(385d) Degradation Pathways for Difluoromethanol and Implications to the Atmosphere

Several times in the last year, the U.S. EPA has announced that hydrofluorocarbons (HFCs) pose a threat to human health due to global climate change and the agency has been considering banning their use in the near future. Hydrofluoroethers (HFEs) are compounds that have been heavily patented in the last decade for use in all applications where HFCs have been used and are poised to become drop-in replacement chemicals.

Prior experimental work has shown that HFEs will react with hydroxyl radicals as their degradation processes begin. During subsequent steps, it has been found that CH_nF_3-nO radicals are often formed. The fate of these radicals is unknown although some work has been done for the perfluorinated species. In this work, computational chemistry methods are used to estimate reaction pathway branching ratios and end-point degradation species. Geometry optimizations were performed at the B3LYP/6-311g** level for all possible reaction pathways for CHF₂OH + OH, while higher level single point energy calculations at the G3(MP2) level were performed for improved energetic data.
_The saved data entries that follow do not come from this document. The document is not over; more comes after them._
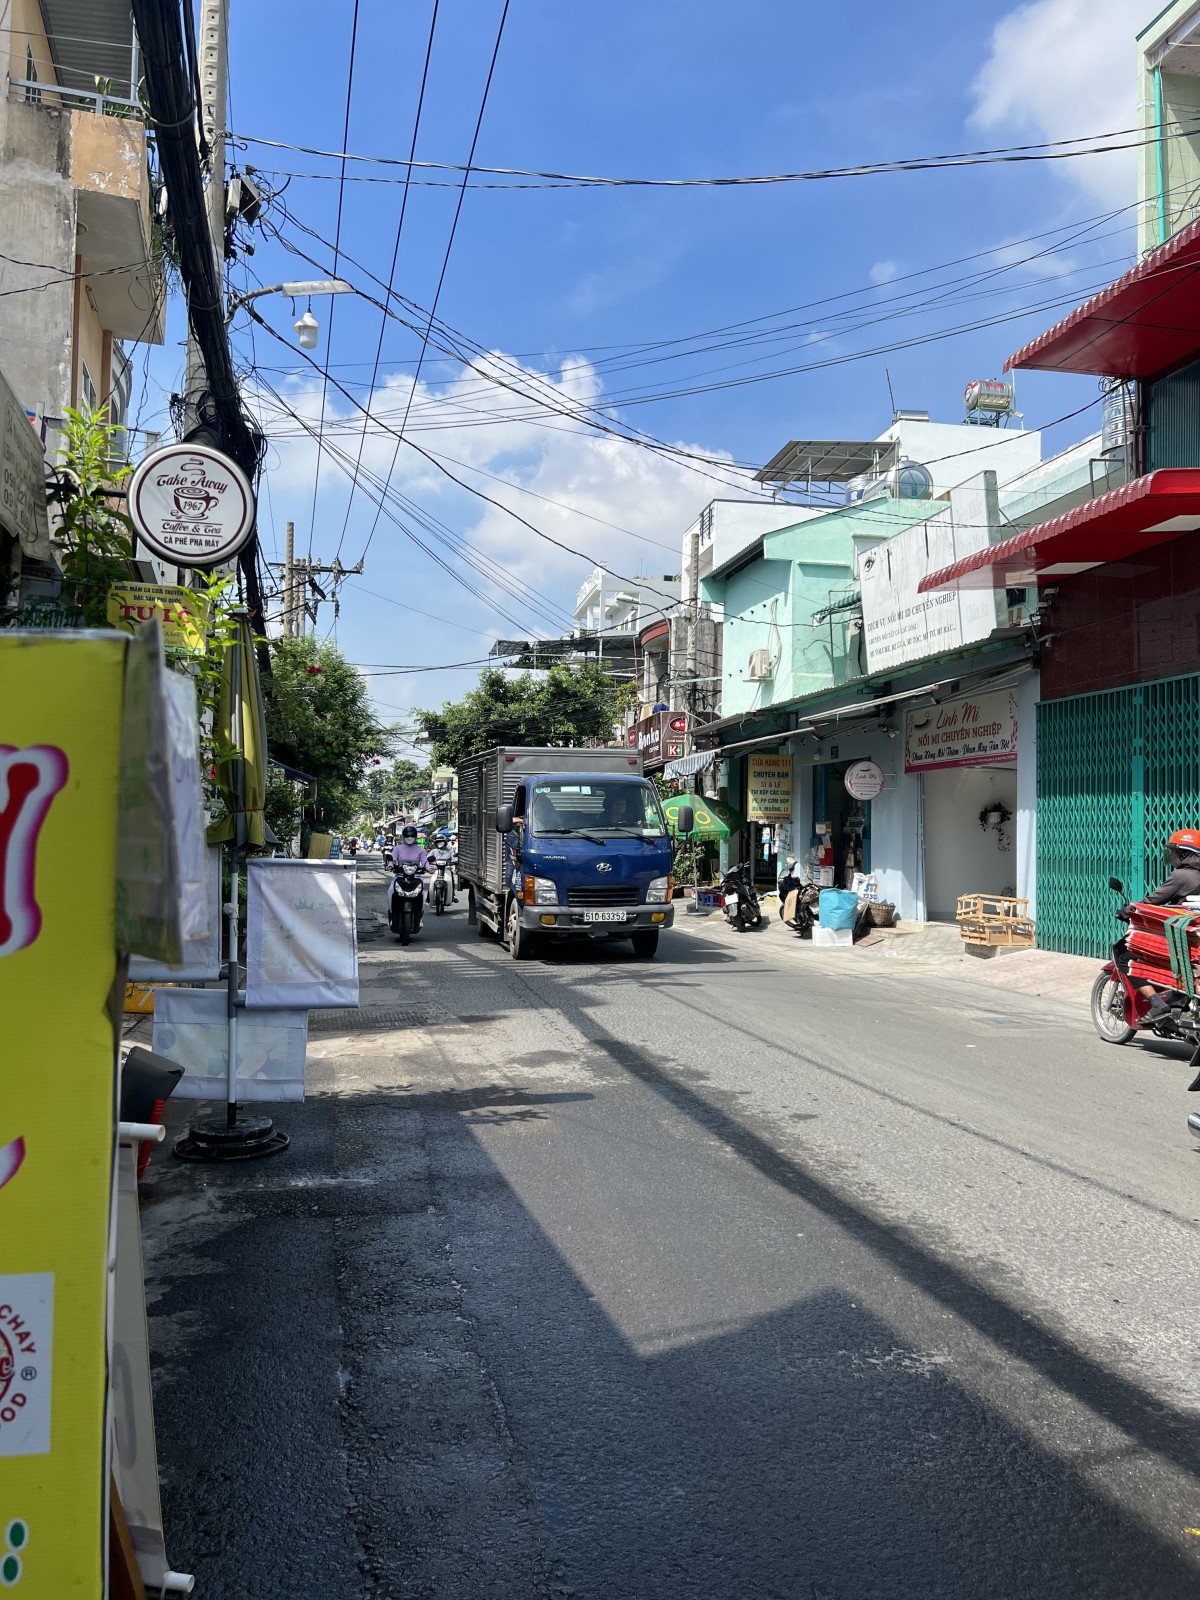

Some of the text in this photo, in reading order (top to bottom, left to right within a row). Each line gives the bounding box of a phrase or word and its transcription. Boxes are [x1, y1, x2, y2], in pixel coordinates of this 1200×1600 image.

[156, 474, 228, 494] Take Away
[183, 501, 203, 511] 1967
[162, 522, 221, 534] Coffee & Tea
[164, 535, 219, 548] CÀ PHÊ PHA MÁY
[936, 702, 980, 730] Linh Mi
[918, 721, 1002, 747] NỐI MI CHUYÊN NGHIỆP
Variational transition state theory with the small curvature tunneling approximation was used to predict chemical kinetic rate constants at temperatures relevant to atmospheric conditions. To validate methodoligies, theoretically predicted values are compared to available experimental data, including that for non-fluorinated analogues where more data is available.

Results show that degradation pathways may lead to HF, a highly toxic species. Introduction of large amounts of HFEs may lead to environmental degradation through mechanisms currently not available during the use of HFCs.